I have a condition where I need to use all sequencing reads (a concatenated fasta file) as a reference. The concatenated fasta file has 50,829,402 reads. I tried to use bowtie 1 to build the index of the reference as bowtie-build concatenated.fasta ref but I get the following error.

Error: Reference sequence has more than 2^32-1 characters!  Please divide the
reference into batches or chunks of about 3.6 billion characters or less each
and index each independently.


How can I solve this? Instead of running bowtie-build on a concatenated fasta file can I use bowtie-build -f *.fasta ref?

Preferably I need to use bowtie 1.

Thanks.

bowtie RNA-seq • 499 views
May I ask why you do that?
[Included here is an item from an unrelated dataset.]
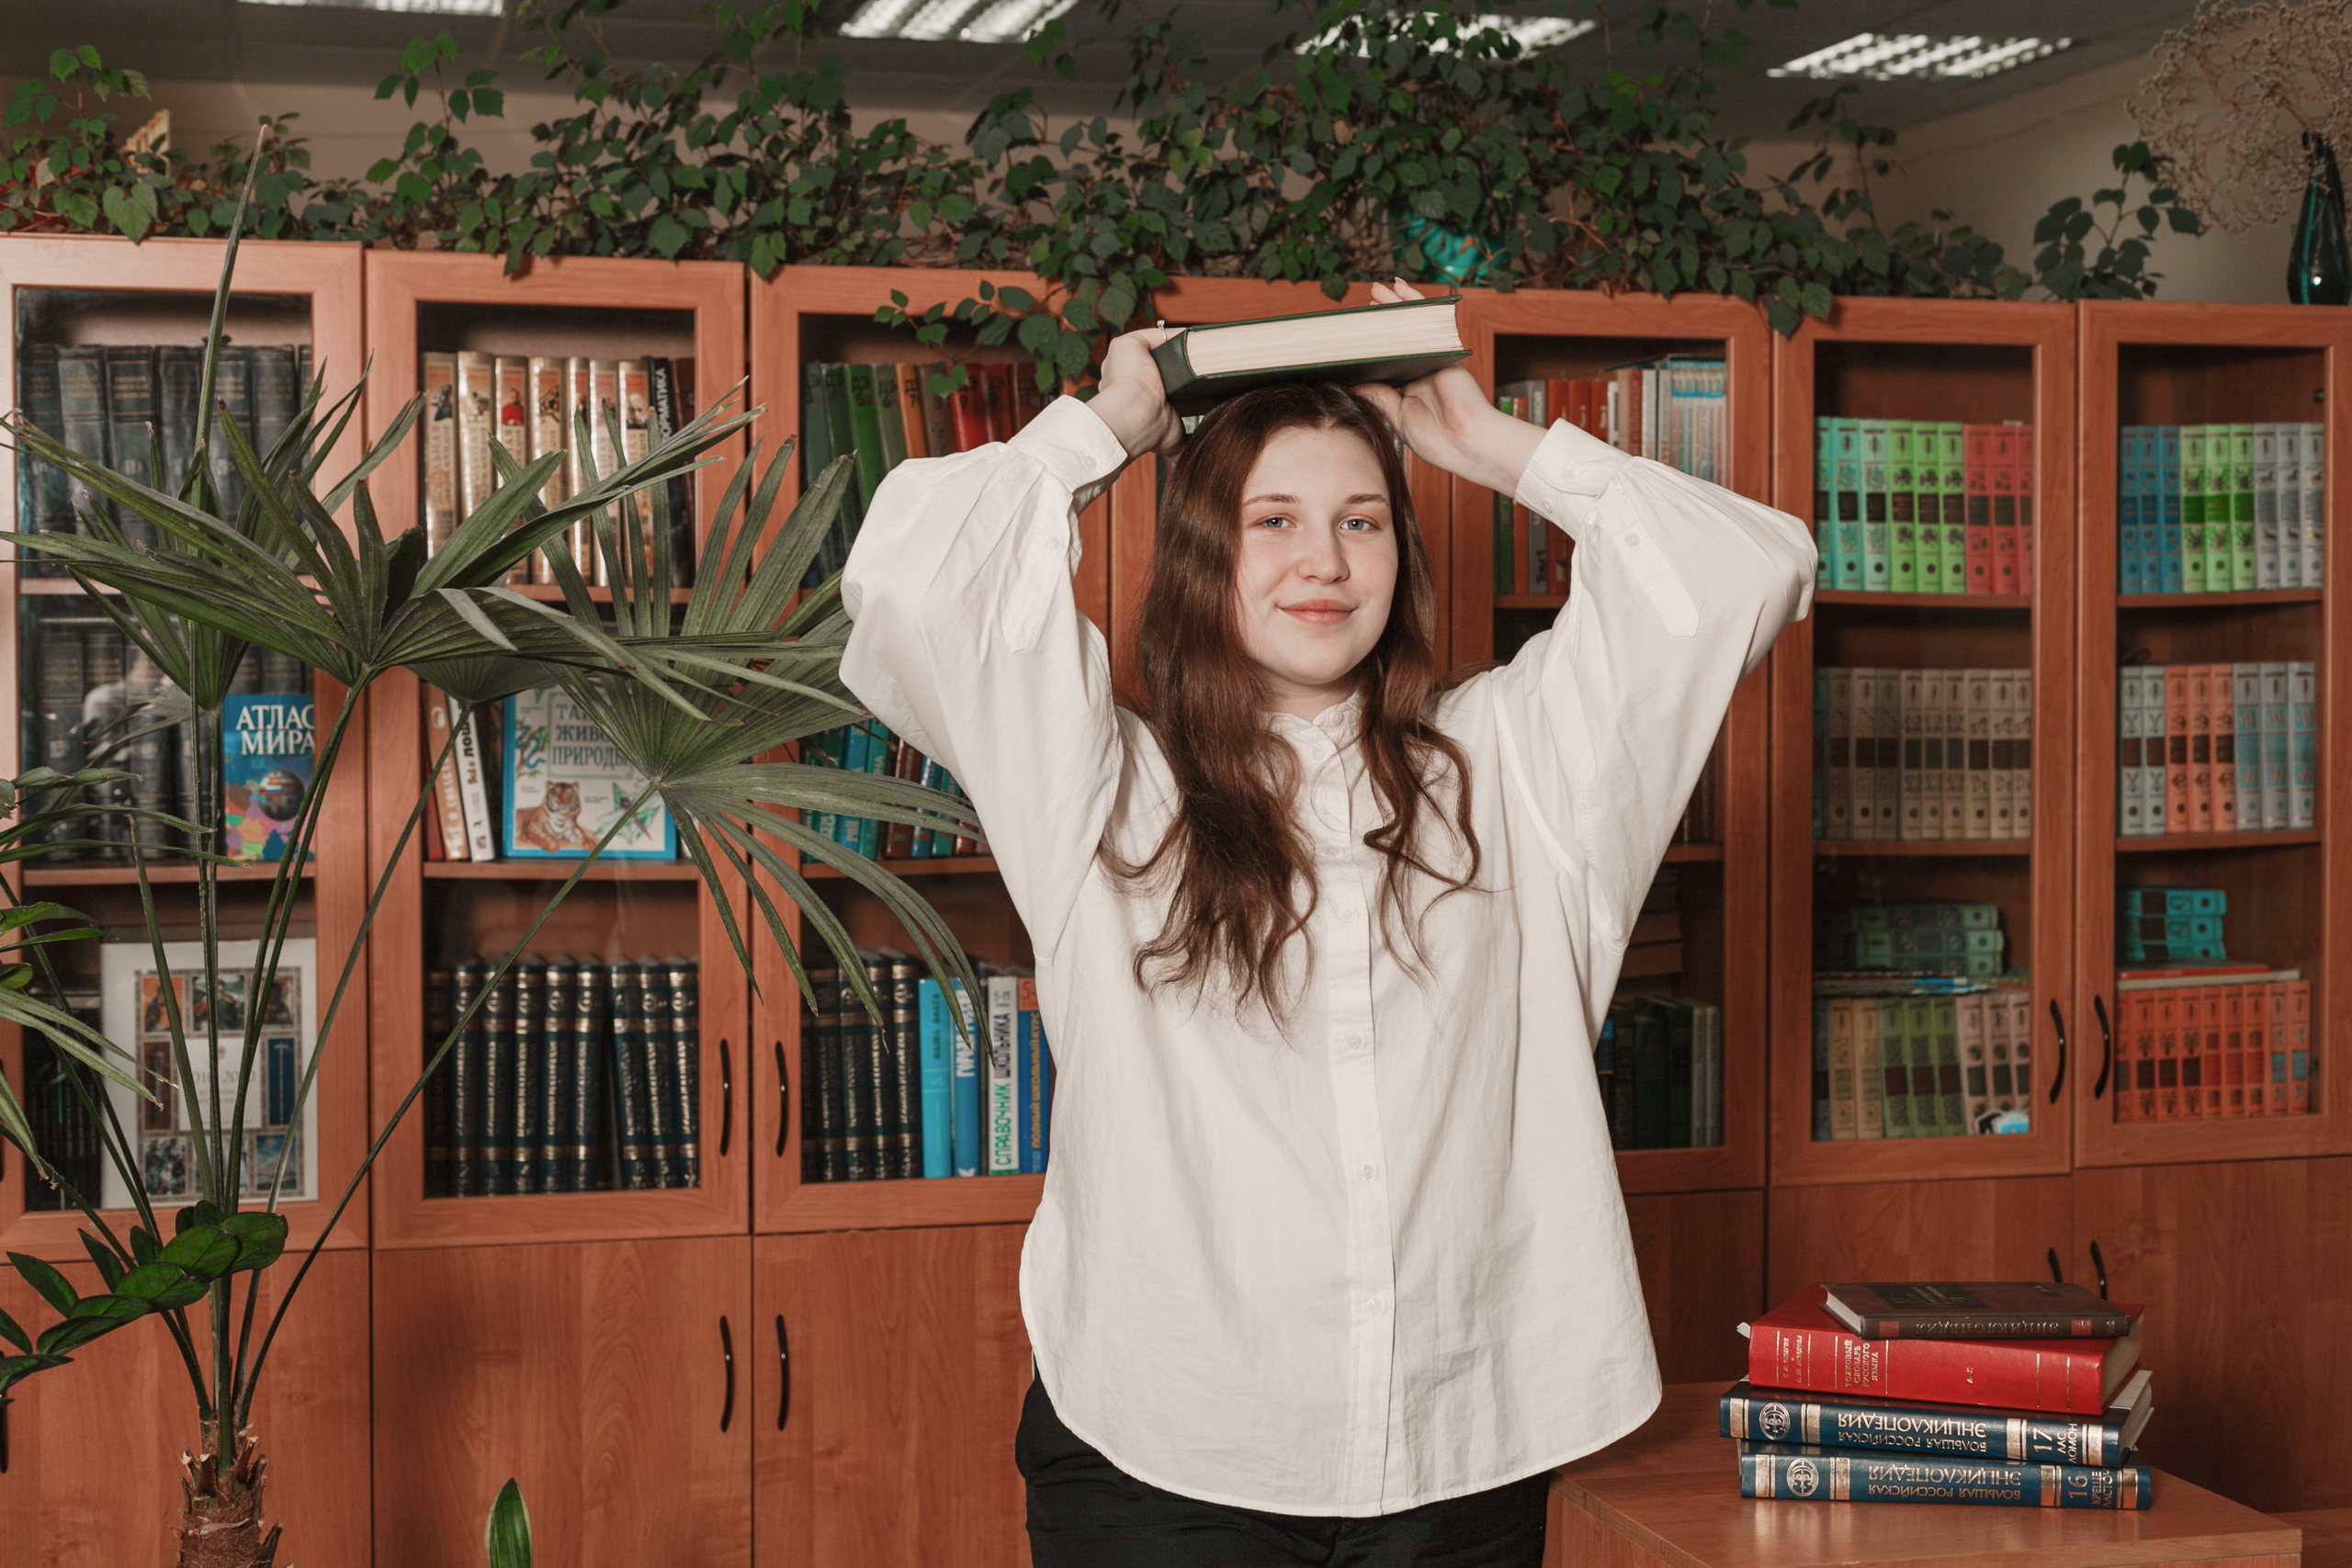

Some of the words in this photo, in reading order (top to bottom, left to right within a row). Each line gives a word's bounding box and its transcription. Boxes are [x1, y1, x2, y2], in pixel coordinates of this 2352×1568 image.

I cannot imagine any situation where concatenating reads (which is randomly fragmentated DNA after all) would make any sense.

These are sequenced PEA products that I need to check with the expected PEA sequences. I tried to map reads which are long (due to UMI and primers) to the expected PEA sequences (shorter) allowing zero mismatches but I got no alignment that makes sense. Thus I decided to do it the other way around (to map the expected PEA sequences to the sequenced PEA products).

What is PEA? I think it would make sense to include a layout and brief description (technically) of what you did and how the R1/R2 structure and reference looks like and then one can suggest an alignment strategy. This so far sounds quite non-standard.

It is not clear if it is possible to analyze the data using standard software.

Yes, use their software if posssible or contact customer support. This is no standard assay it seems.